START Data shown
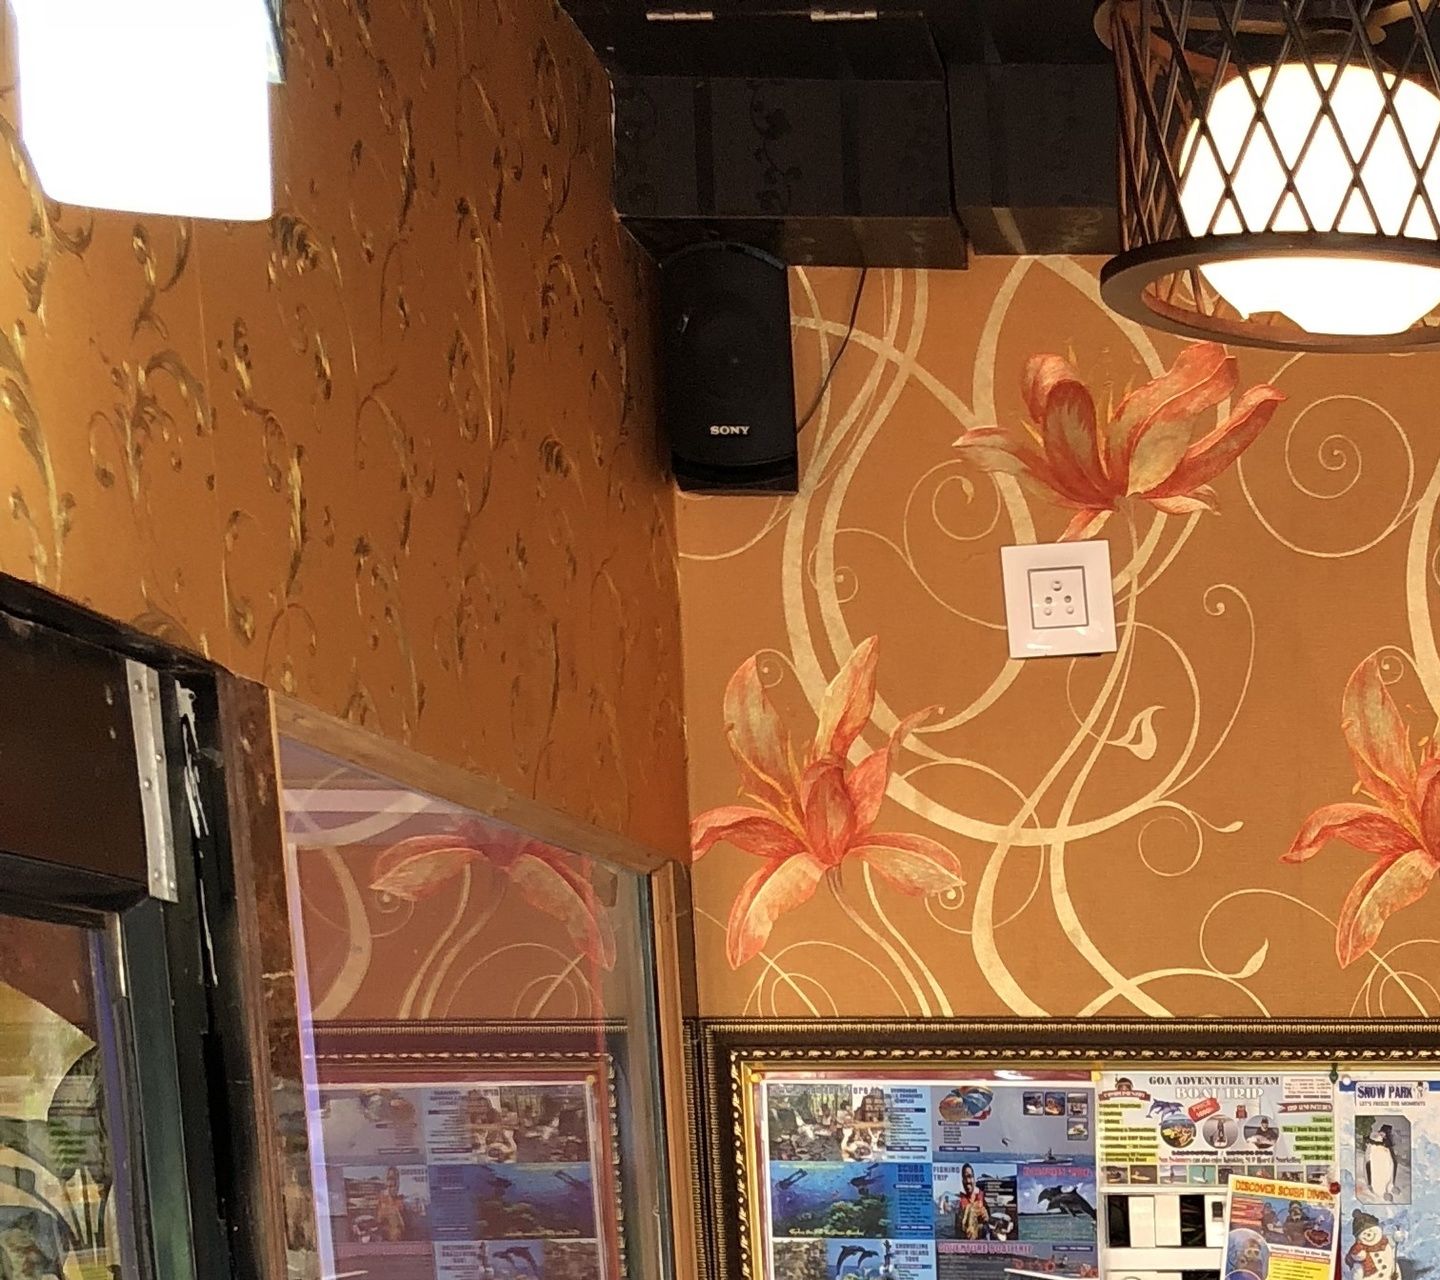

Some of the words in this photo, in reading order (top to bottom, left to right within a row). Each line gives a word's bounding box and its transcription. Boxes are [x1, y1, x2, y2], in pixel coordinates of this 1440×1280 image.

[710, 425, 750, 435] SONY
[1149, 1076, 1173, 1086] GOA
[1175, 1076, 1246, 1086] ADVENTURE
[1249, 1076, 1280, 1086] TEAM
[1224, 1087, 1264, 1099] TRIP
[1357, 1085, 1387, 1100] SNOW
[1388, 1086, 1413, 1100] PARK
END Data shown
- Exercise details -
Omit the pictures. Transcribe every record exactly.

- Response to this exercise -
Some of the words in this photo, in reading order (top to bottom, left to right within a row). Each line gives a word's bounding box and its transcription. Boxes are [x1, y1, x2, y2], in pixel coordinates of this 1440×1280 image.

[710, 425, 750, 435] SONY
[1149, 1076, 1173, 1086] GOA
[1175, 1076, 1246, 1086] ADVENTURE
[1249, 1076, 1280, 1086] TEAM
[1224, 1087, 1264, 1099] TRIP
[1357, 1085, 1387, 1100] SNOW
[1388, 1086, 1413, 1100] PARK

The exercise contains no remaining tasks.